# Can 11 years of Cheating be Put in the Past??



## love14 (Nov 20, 2011)

I'm a 34 year old mother or 2 that has been in a cheating marriage for 11 years. Without going sooo far back and putting people to sleep..lol. I will just say that from the moment I started dating my husband he has seen other women. 2 days before we married (courthouse) I got a shocking phone call from a women to his cell phone. I know, I know and I still married him. Just writing this is hard, because I know I that am responsible for some of this, but I feel like such a victim. Since then there has been 15 women that I know about. Some from texts (very sexual) some from email pictues (again, very, very sexual pic & lang) some from cell phones and others from jobs. 

In the beginning there were no concrete evidence, then in the last 5 years (along with new technology ex: email, text, etc.) There has been terrible blows, with circling stituations. I find them he cries and swear to change, I find others, he cries and swear to change. We've been to counseling, I've even had my own affair (which of couse he forgave and never discuss) Then recently in the past year we moved to from the eastcoast to the westcoast and he has now had an awaking....Because while he was out doing all of the things we've had car repos, forclousures, and bad money issues. Now, he is sincerely trying to change doing all the things that all the marriage counselours asked of him years ago. I can't describe every detail but its sincere (I guess) He apologizes, he talks in detail about them all, he is really trying. He continues to ask me to allow that to be our "past" and move forward. 

But here is my issue...my husband is a very sexual person.. He tells me that he needs me to keep it fresh and new cause that was why he was cheating, on top of the fact we argued a lot in the past due to my past depression and family issues. I feel like Im never enough for him. Some days I feel like its all in my head, and others I knw that Im not enough. He says he needs lots of attention, and he didn't know how to tell me what he truly wanted before and it was easier to get it from others cause they didn't say "no" to anything like I did. So here is my question how I move on?? Im soooo mad that he has not be my husband for 11 years, for 11 yrs I shared him with tons of women some I walked right pass looking dumb and naive (he isa great cheater and wonderful liar) And to stay is like giving him everything the cake and the icing too. 
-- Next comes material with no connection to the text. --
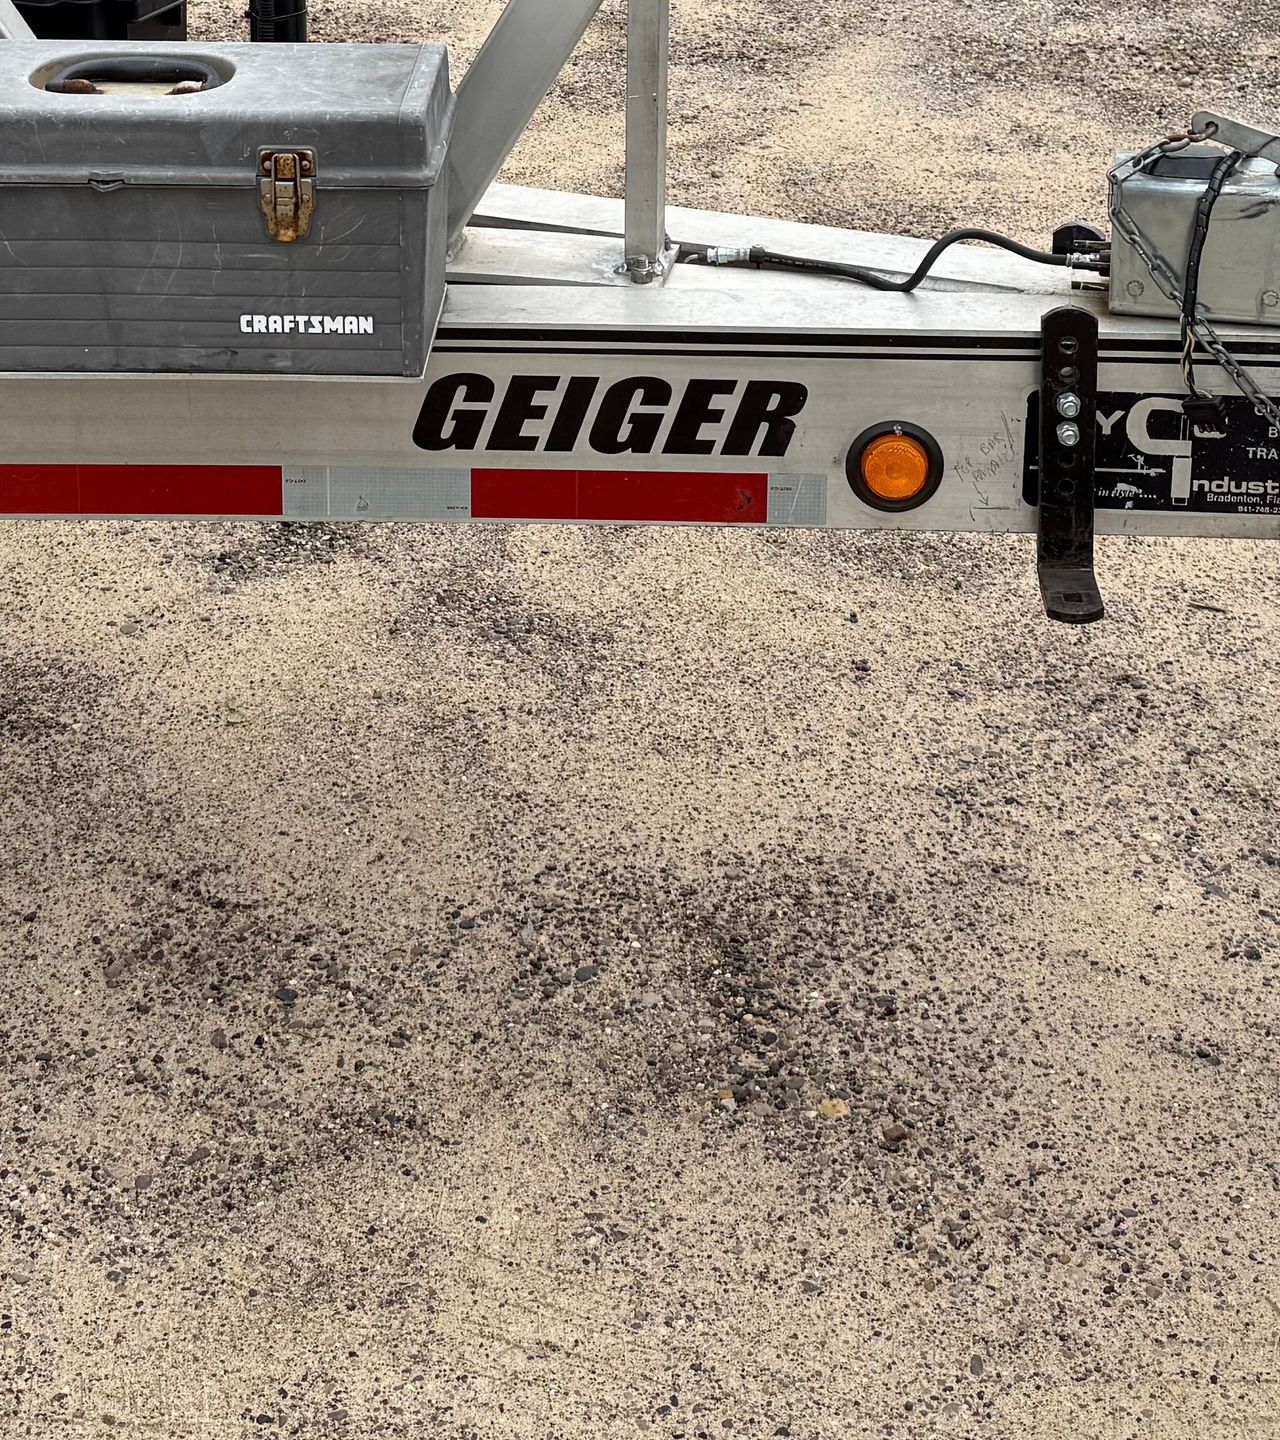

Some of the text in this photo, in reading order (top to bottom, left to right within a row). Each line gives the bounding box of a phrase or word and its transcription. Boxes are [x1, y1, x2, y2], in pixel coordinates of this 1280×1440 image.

[239, 314, 374, 334] CRAFTSMAN
[412, 372, 808, 457] GEIGER
[1206, 493, 1264, 505] Bradenton,
I feel like I stay because Im comfortable. Im the only person married in my family (every knows of his cheating) well in both of our families. We look sussesful on the outside. I have childeren and have lived through divorce as a child and just don't want that for my kids. But I honestly want a man that has loved me from first sight, and only has touched me. I was married young and not expreienced with sex (23yr with 2 longterm partners) So I didn't know all the things he wanted sexually and now he asks me to make sex tapes and take pics of mysefl using toys etc...and I just can't do it cause I found pics of these women doing these things for him. He hasn't been caught "cheating" lately (past yr) but he has emailed an ex girlfriend commented on how "sexy" she looked...he's also responded to an email from an ex lover (which he said wasn'tsexually just being nice and responding) Im sooo sad, because I can't live like this, but I don't have the streingth to live with it. So what do I do?? I know that was a lot still, but I really would appriecate any advice


----------



## Arnold (Oct 25, 2011)

This man is badly messed up and would need a ton of treatment. I highly doubt he will change. So, I think you should consider leaving.


----------



## Chaparral (Jul 17, 2011)

You need to find and marry a real man. He will never measure up.


----------



## YupItsMe (Sep 29, 2011)

If it happened an hour ago or further back then it is in the past but...

the past is typically a rather accurate indicator of the future unless...

there is a clearly identifiable event that forever changed the circumantancs.

If there isnt one then what you really mean by your question is can you forgive and will it happen again. 

The answers are yes and probably


----------



## Shaggy (Jul 17, 2011)

It's all fun and games until he brings home an STD or aids.

So how is being married to a chronic cheater working out for you and the kids? They must really be able to look up to him.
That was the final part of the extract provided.